David Savage, a 49-year old AusAID worker, was closest to the child when the bomb detonated. This attack marks the first time an Australian civilian has been injured in the Afghan conflict. An Afghan child, in addition to the bomber, was injured in the atrocity.
"If he had of walked up to me I would have had a handful of candy for him, he didn't seem like he was under duress," said United States Navy Lieutenant Matthew Baird, the officer in charge of the attacked patrol group.
"Our focus is on ensuring the children of Afghanistan have a future – the Taliban is intent on taking that future from them through these callous acts," said Lieutenant General Power, the Chief of Joint Operations of the Australian military. "The deliberate use of children as suicide attackers in Afghanistan contravenes every law and has been universally condemned by ISAF, the Afghan Government, the United Nations and independent human rights groups, yet the Taliban continue to act with little regard to rights of children and civilians."
The Taliban claimed responsibility for the bombing, calling it "revenge" for U.S. Staff Sergeant Robert Bales'alleged "massacre" of 17 Afghan civilians, including nine children. Bales has been charged by the U.S. Government with 17 counts of premeditated murder. If found guilty, he faces the death penalty, with a minimum penalty of life imprisonment with the possibility of parole.
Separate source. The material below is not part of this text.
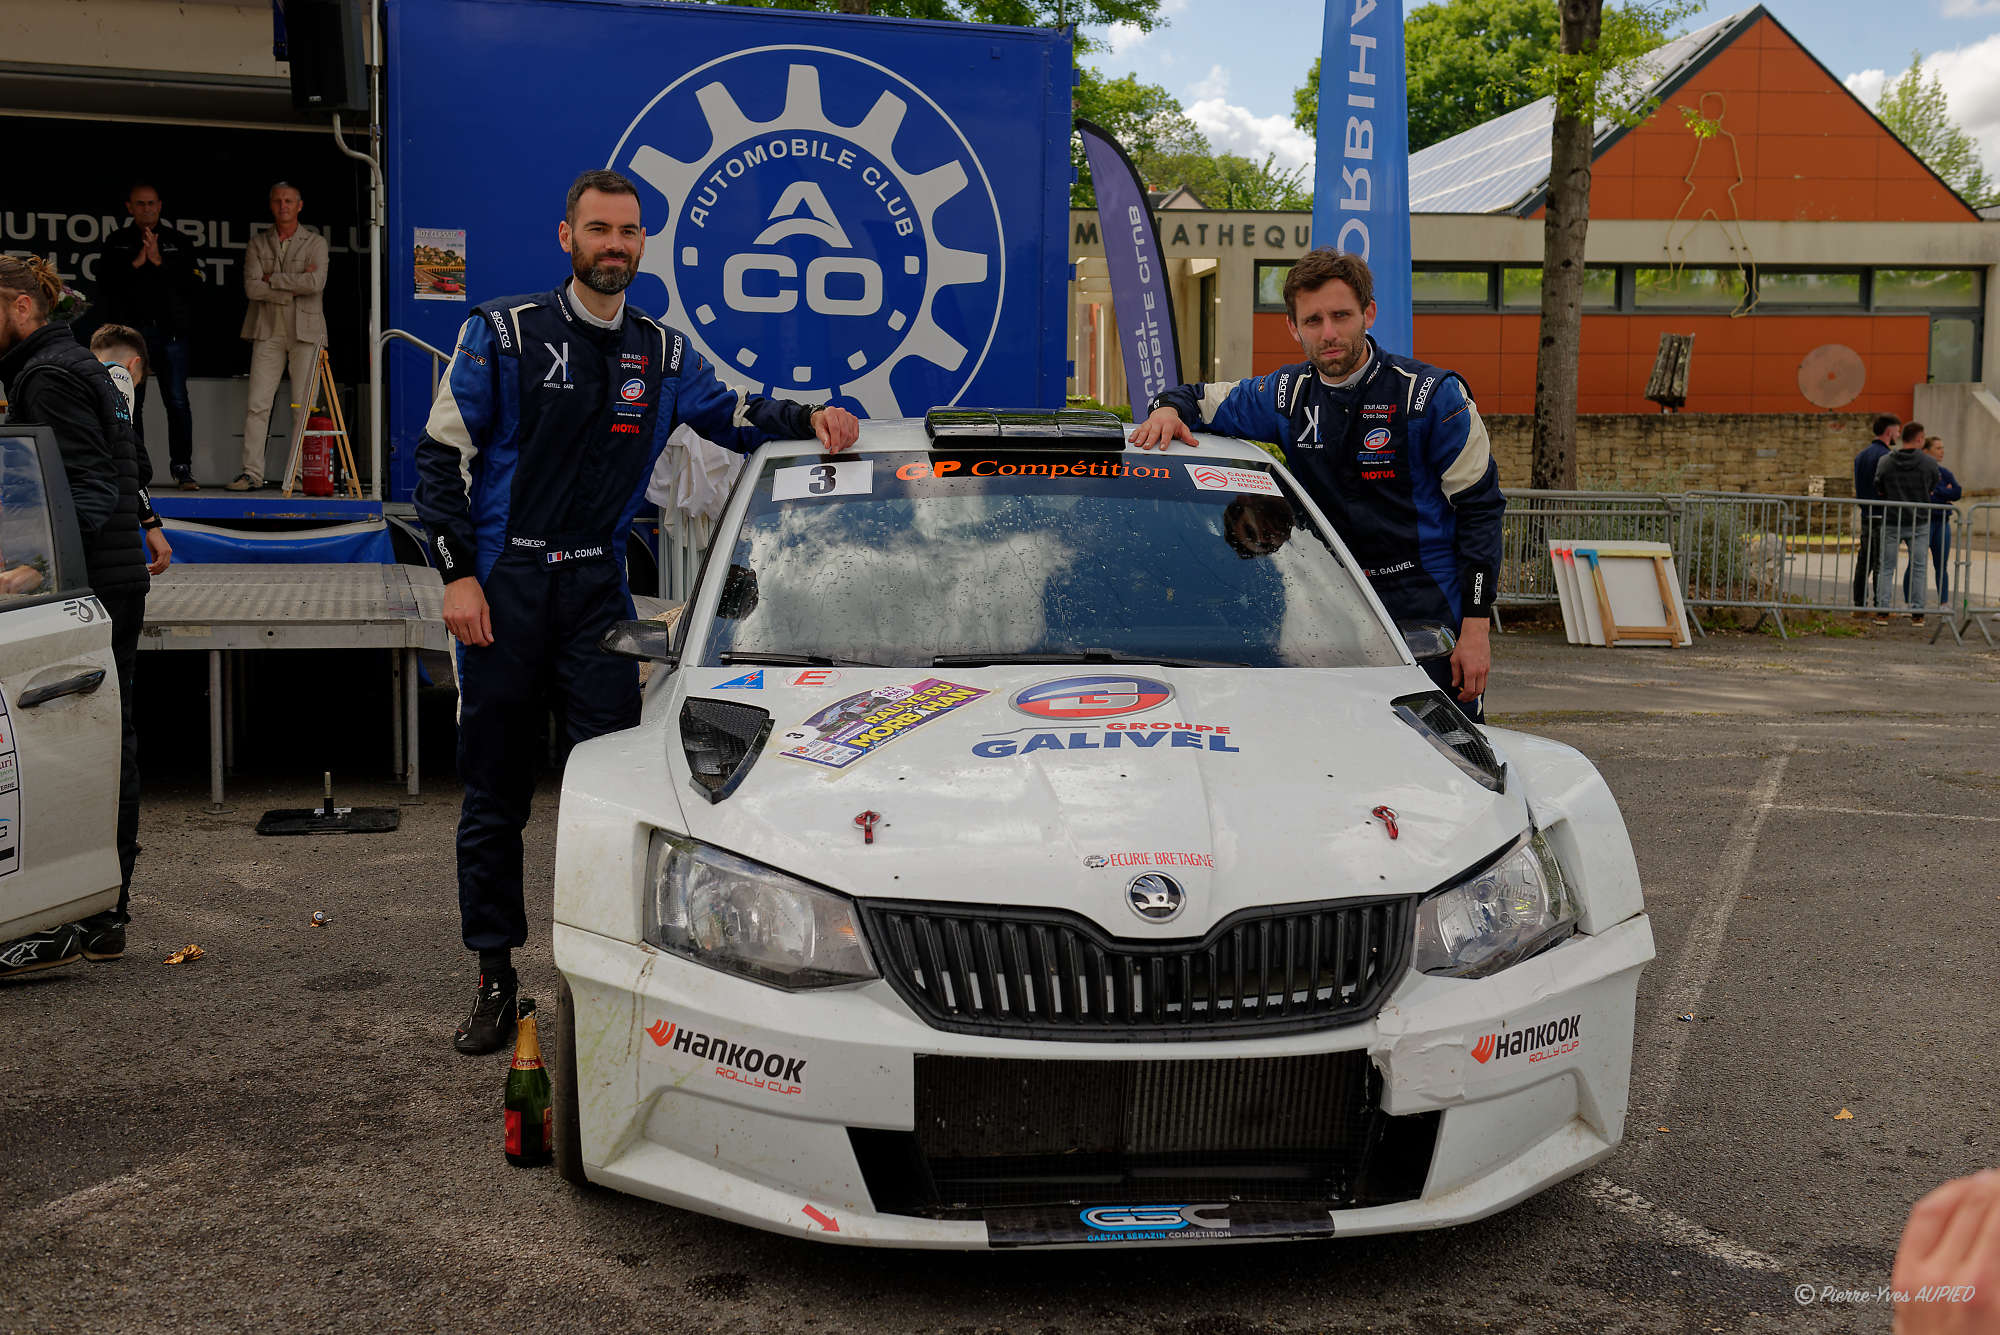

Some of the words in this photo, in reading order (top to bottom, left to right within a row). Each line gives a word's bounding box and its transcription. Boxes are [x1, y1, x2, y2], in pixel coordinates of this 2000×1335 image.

There is no justification – religious, political, moral, or otherwise – for killing innocent children. Child suicide bombing is the product of adults acting with a reprehensible indifference to human life and with a calculated intent to kill innocent children. The Children's Rights Institute (CRI) continues to track this phenomenon.
Regardless of the motive for revenge, the Taliban has a history of systematically recruiting child suicide bombers. In 2007, they recruited a 6-year old Afghan boy by telling him the explosive belt would spray flowers. An 8-year old girl unknowingly carried a remotely detonated bomb toward a police vehicle in 2011, and 13-year old boys were used in 2008, 2009, and 2011. CRI calls upon the international community to condemn the latest attack as well as the Taliban's continued violence against children.